▸ **Exercise requirements**: Output each record exactly, excluding pictures.

▸ **Records for this task**:
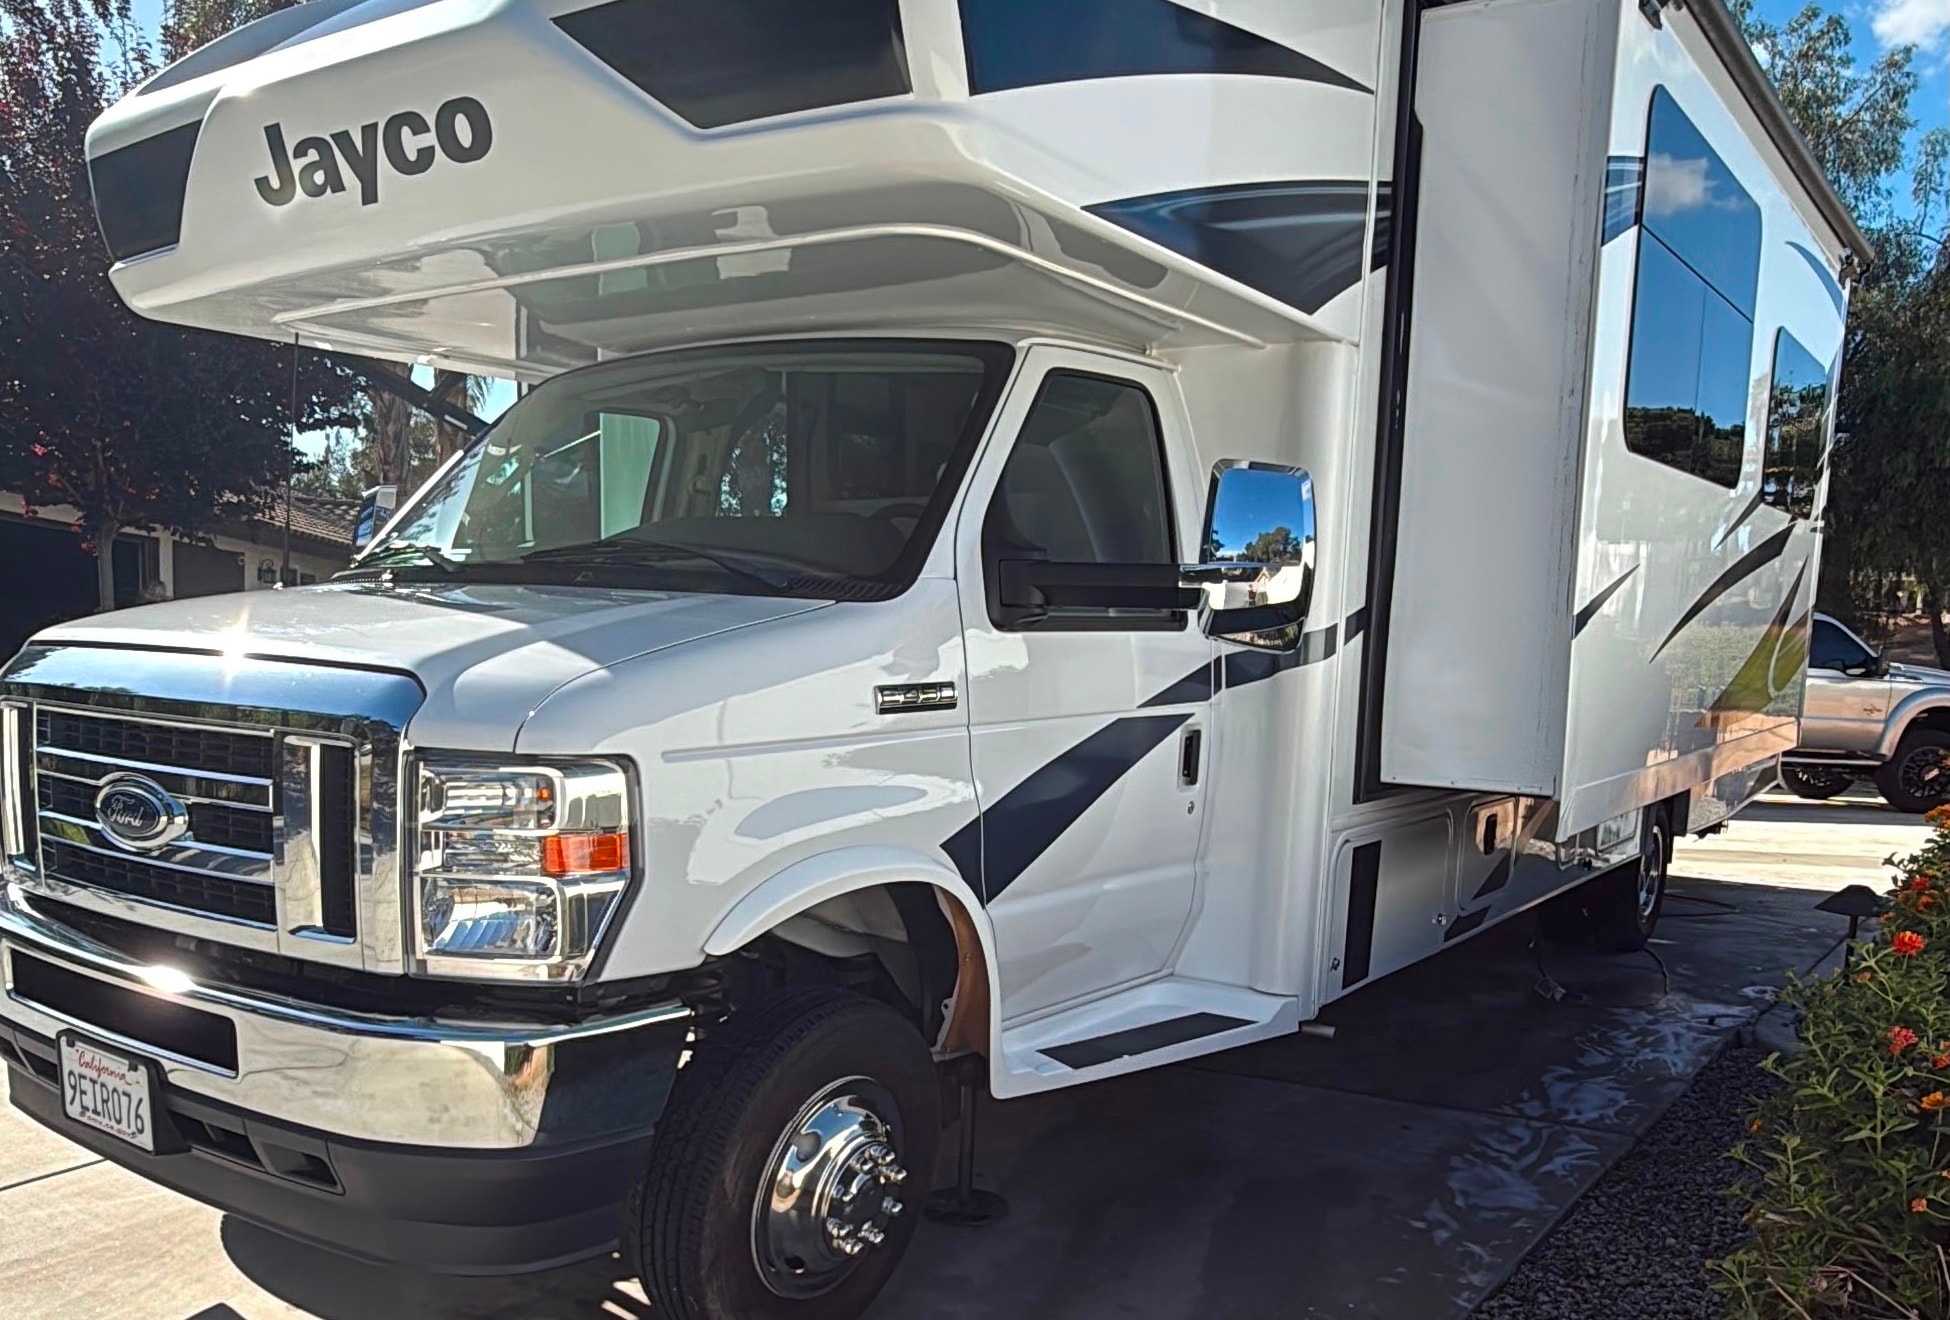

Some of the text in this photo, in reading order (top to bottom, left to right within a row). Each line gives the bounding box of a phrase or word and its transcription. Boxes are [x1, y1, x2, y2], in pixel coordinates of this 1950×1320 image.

[254, 96, 493, 206] Jayco
[107, 795, 145, 827] Ford
[78, 1049, 127, 1081] California
[68, 1070, 144, 1135] 9EIR076
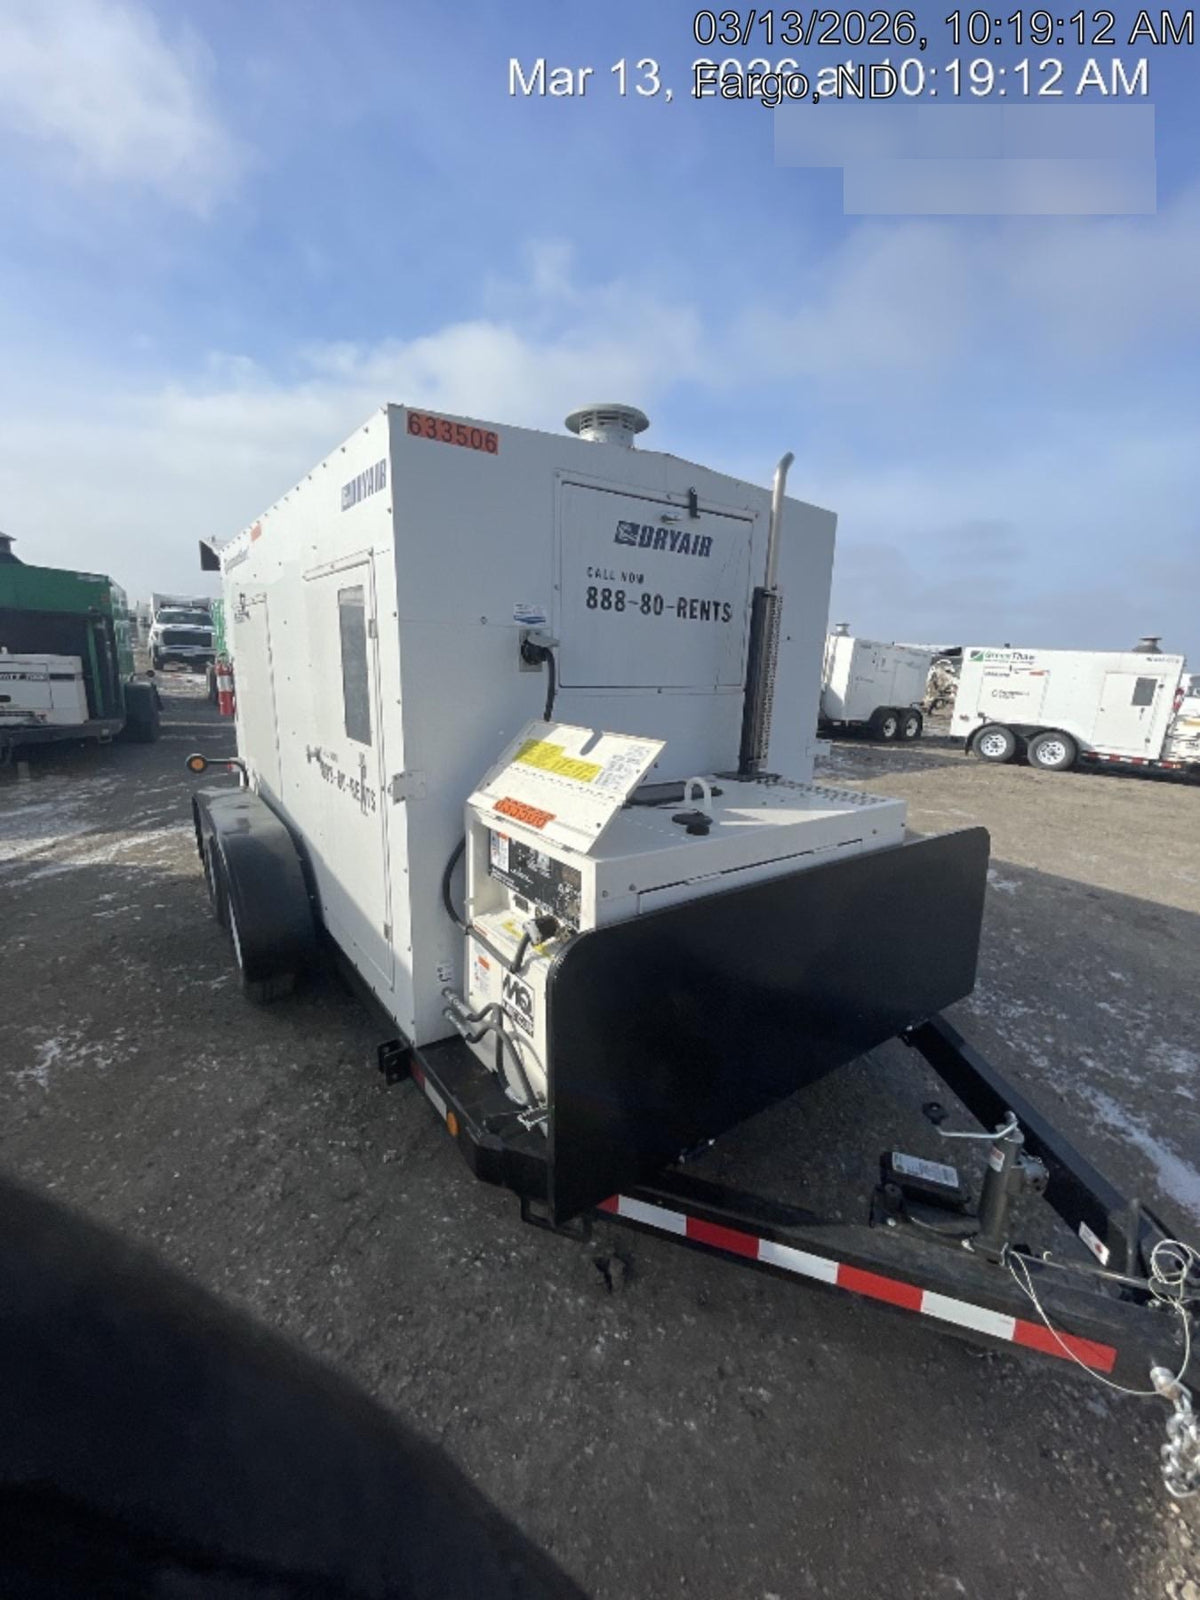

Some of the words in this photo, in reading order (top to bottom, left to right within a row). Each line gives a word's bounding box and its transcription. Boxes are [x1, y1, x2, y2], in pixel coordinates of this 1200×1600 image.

[408, 411, 498, 454] 633506
[638, 525, 713, 557] DRYAIR
[586, 566, 615, 581] CALL
[621, 571, 645, 584] NOW
[585, 585, 733, 623] 888-80-RENTS
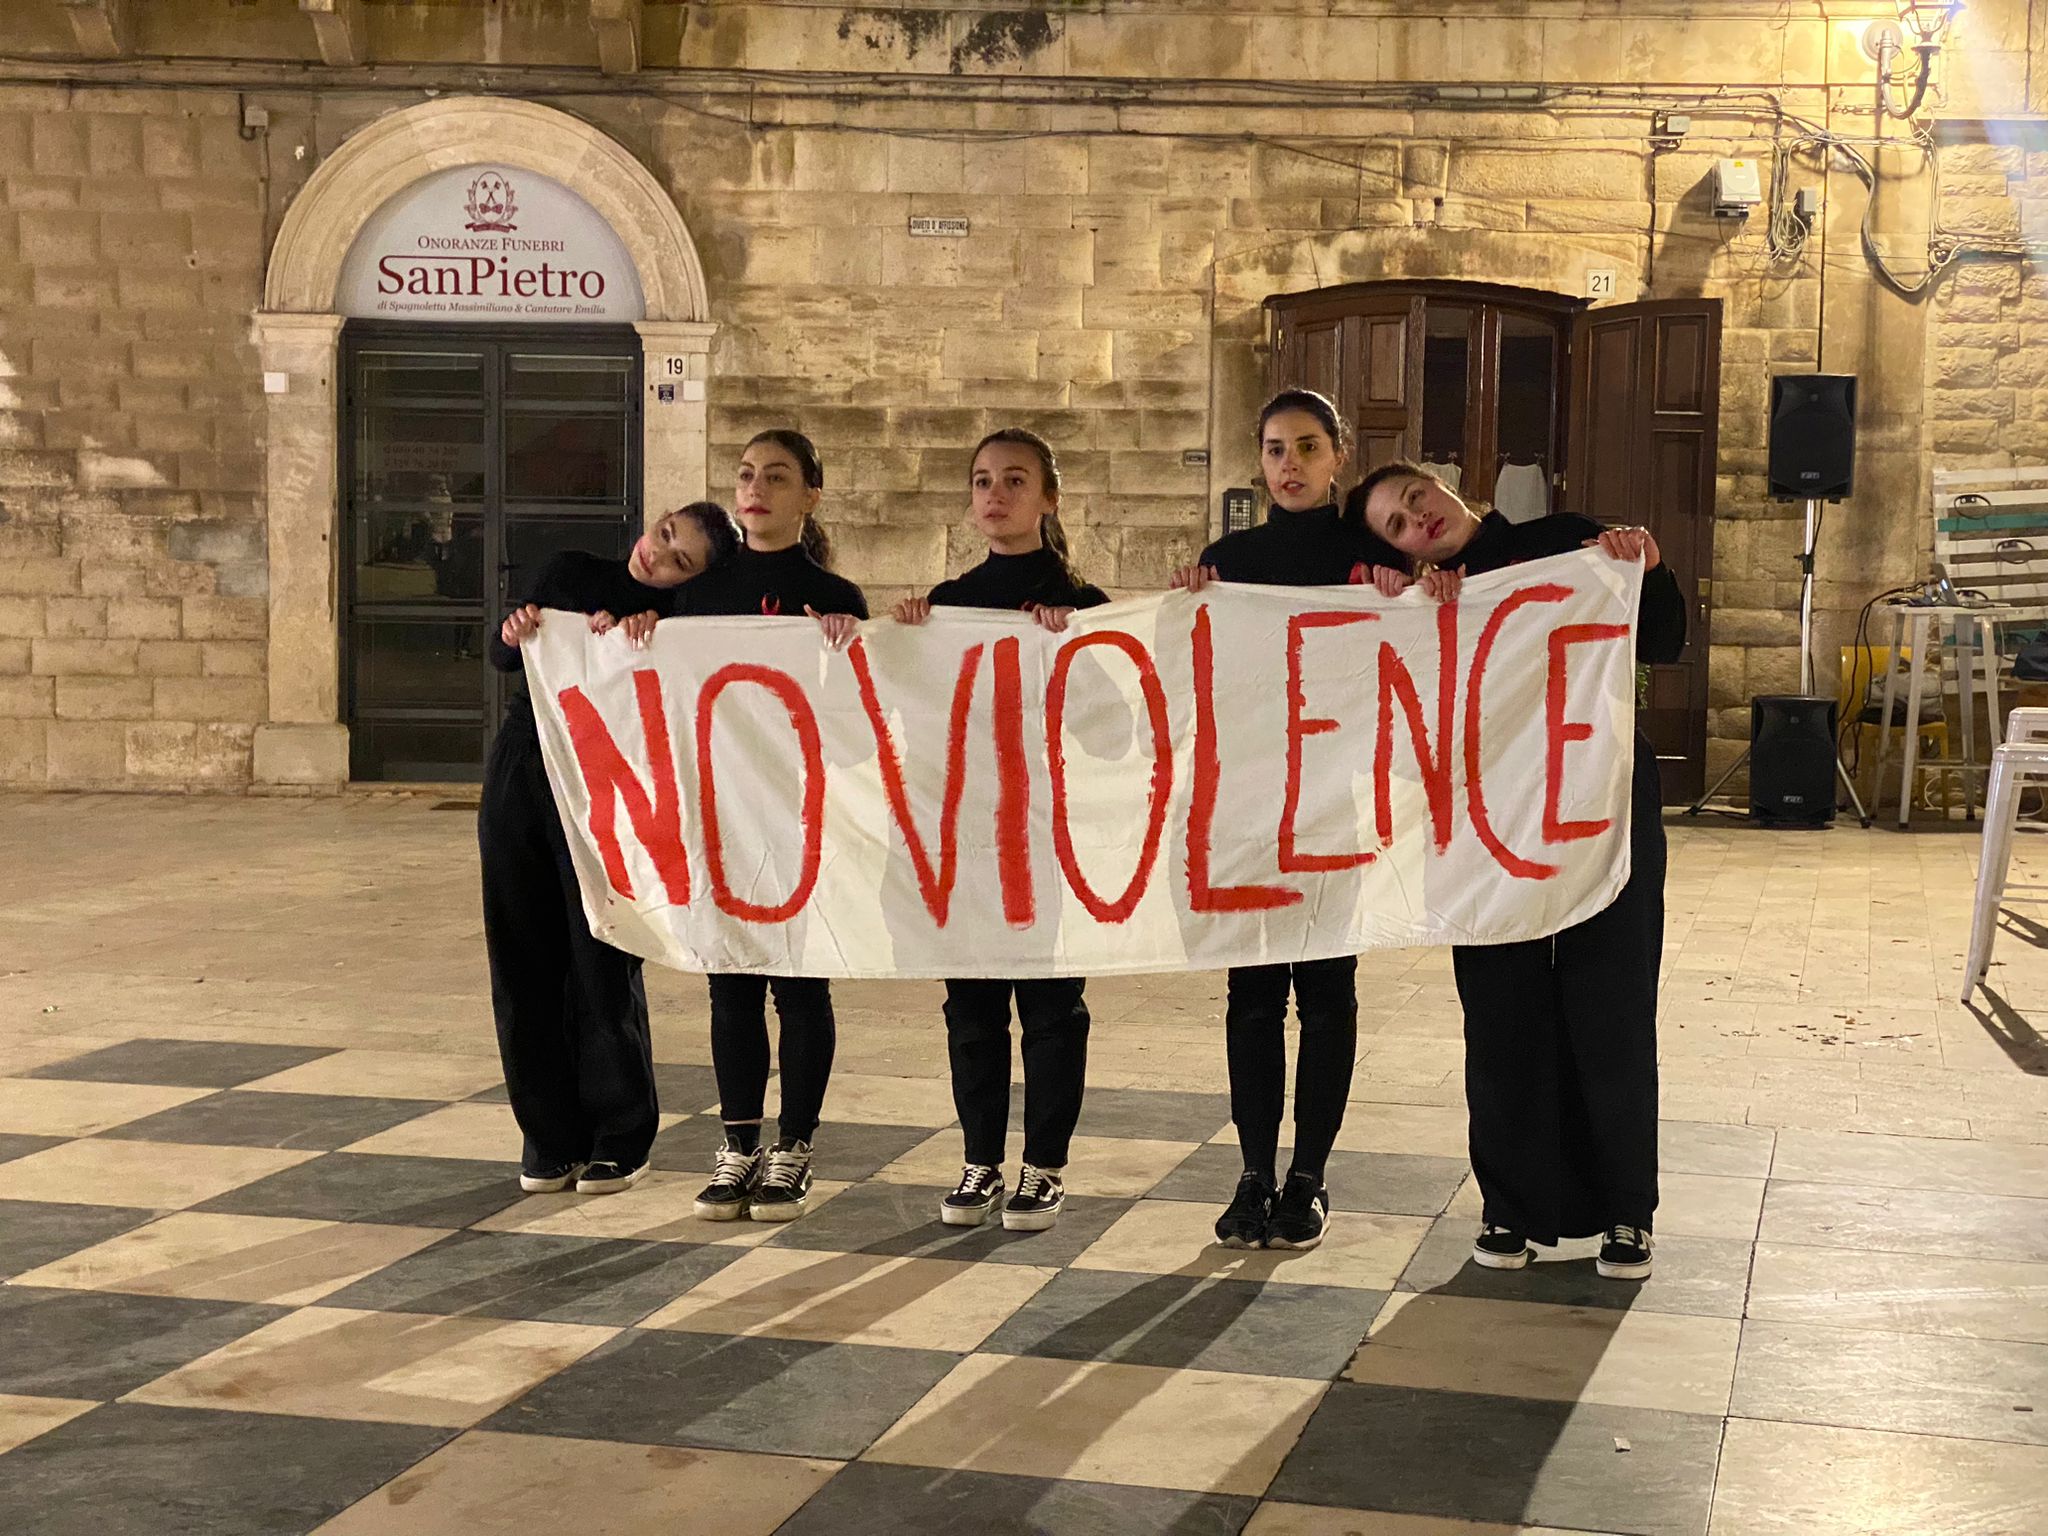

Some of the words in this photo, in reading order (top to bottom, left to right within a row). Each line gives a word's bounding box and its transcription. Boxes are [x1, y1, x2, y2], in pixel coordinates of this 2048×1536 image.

[417, 235, 498, 251] ONORANZE
[501, 237, 565, 252] FUNEBRI
[378, 254, 605, 299] SanPietro
[1592, 275, 1609, 292] 21
[377, 300, 388, 311] di
[448, 302, 514, 313] Massimiliano
[514, 303, 523, 313] &
[524, 303, 574, 314] Cantatore
[574, 304, 606, 315] Emilia
[666, 358, 683, 375] 19

▸ **Output below**:
Some of the text in this photo, in reading order (top to bottom, left to right within a row). Each line gives the bounding box of a phrase or word and its transcription. Boxes are [x1, y1, x2, y2], in pixel coordinates of this 1950×1320 image.

[254, 96, 493, 206] Jayco
[107, 795, 145, 827] Ford
[78, 1049, 127, 1081] California
[68, 1070, 144, 1135] 9EIR076

Some of the words in this photo, in reading order (top to bottom, left to right within a row). Each line gives a word's bounding box and its transcription. Boxes are [x1, y1, x2, y2], in pixel coordinates of this 1200×1600 image.

[408, 411, 498, 454] 633506
[638, 525, 713, 557] DRYAIR
[586, 566, 615, 581] CALL
[621, 571, 645, 584] NOW
[585, 585, 733, 623] 888-80-RENTS

Some of the words in this photo, in reading order (top to bottom, left to right within a row). Each line gives a word's bounding box and its transcription. Boxes are [x1, y1, x2, y2], in pixel coordinates of this 2048×1536 image.

[417, 235, 498, 251] ONORANZE
[501, 237, 565, 252] FUNEBRI
[378, 254, 605, 299] SanPietro
[1592, 275, 1609, 292] 21
[377, 300, 388, 311] di
[448, 302, 514, 313] Massimiliano
[514, 303, 523, 313] &
[524, 303, 574, 314] Cantatore
[574, 304, 606, 315] Emilia
[666, 358, 683, 375] 19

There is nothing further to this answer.